I think it's really easy a lot of times during hard times to blame God. I've heard several times from non-Christians that one reason they don't believe is because if God is so loving, why does He allow bad things to happen to good people? And as Christians, I think a recurring thought process during these trials is "Why doesn't He love me enough to make this go away?" When in reality He does love us, so, so much even in the midst of hard times.

So, let's look at it...

Why doesn't He take me out of this immediately?
God doesn't work on my time table.

Why is God loving when He holds back?
If life were easy, we'd have no need for Him...and when we live for Him our lives have meaning because He is glorified and we are fulfilling our purpose.
When I go through hard times, God is allowing me to be a part of His glory.
Going through trials increases our faith

An interesting thing Afshin said that I never knew before was when he was talking about verse 33 it says that Jesus is "deeply moved" by his friend's death. Afshin said that this word they use several times in the New Testament, but it is always in a different connotation. It's used always in agitation, or when Jesus is scolding someone...yet it's used here, after his friend has died. Why is Jesus so angry? The text says after that, that his spirit was troubled. He's angry that his friend has died and that death is a part of our lives. We weren't meant to be on this Earth to eventually die, death came as a result of sin. In the garden God said if they ate from the tree
they would surely die. Death came because we veered off from the His perfect plan.

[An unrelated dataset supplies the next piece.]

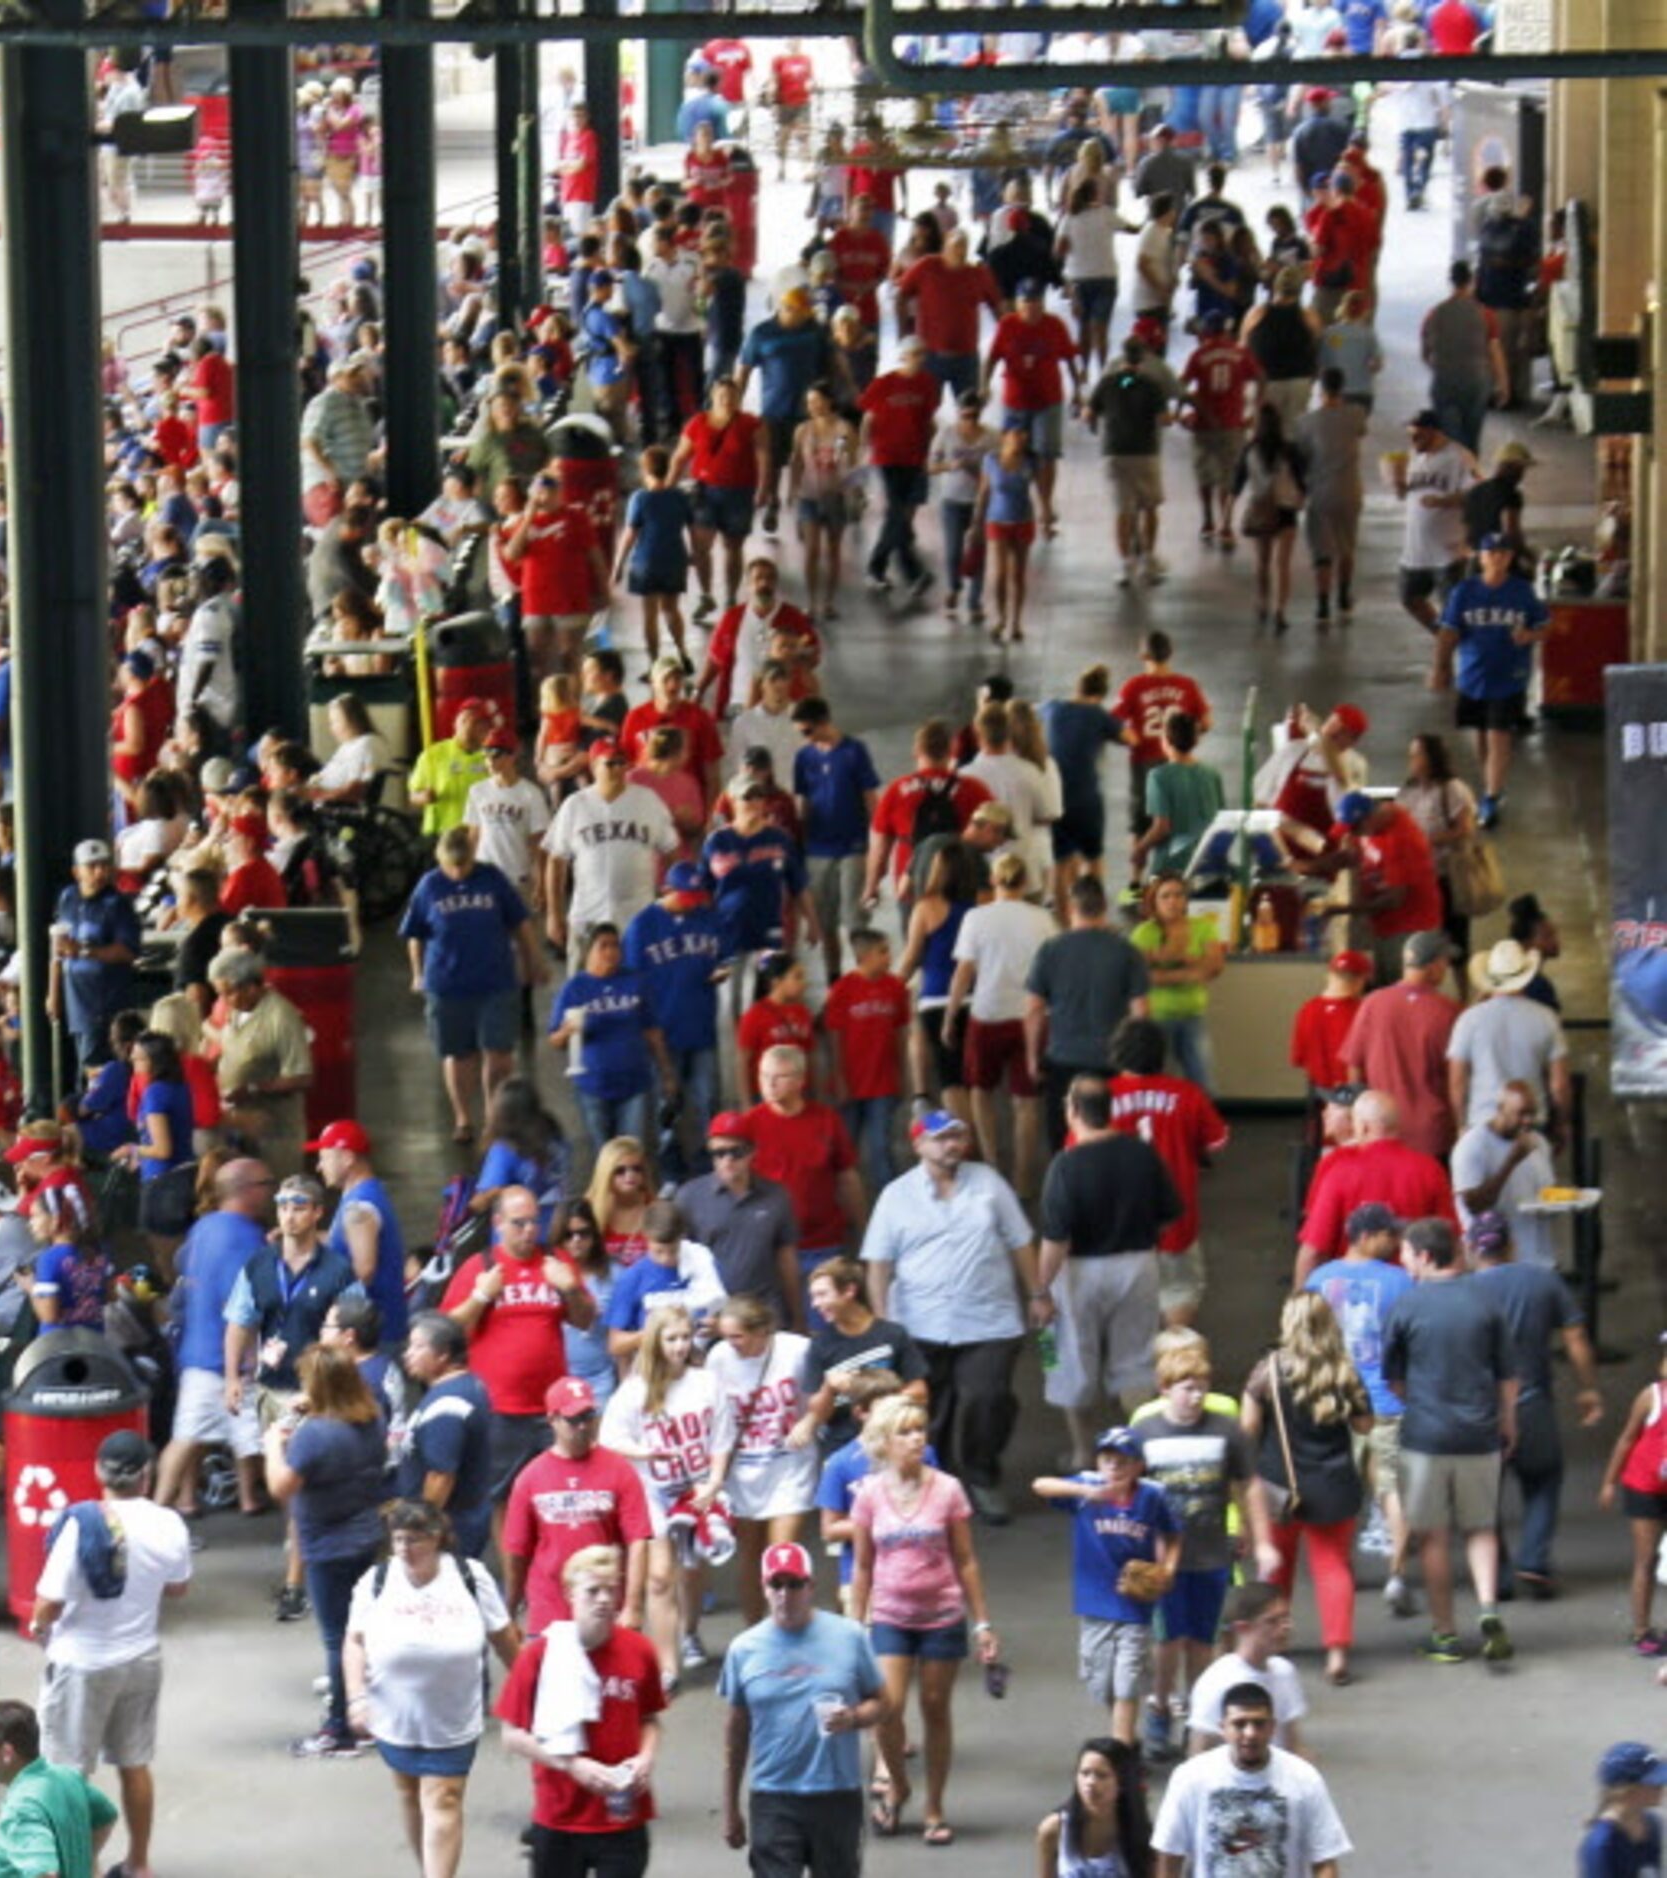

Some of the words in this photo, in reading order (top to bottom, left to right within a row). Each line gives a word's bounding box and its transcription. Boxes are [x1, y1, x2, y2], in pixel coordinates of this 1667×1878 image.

Lazarus went through a huge trial, and because of how God was glorified through the circumstances, more people followed Christ. So through your trials in life, you never know how God is going to be glorified.


It is so easy to read those verses and remember how Afshin described God's glory in these awful situations and say that I will live my life like that. But do I? Do I wake up every morning and trust that no matter what bad things are happening in my life, that God will make it worth it? As my surgery comes closer and closer, it's really easy for me to get anxious and scared about the pain that is about to come, and the long recovery time. But I know that God will be glorified through these trials in my life, and I will come out on the other side stronger and more grounded in my faith....if I allow Him to move in me.

Are you letting Him work through your trials??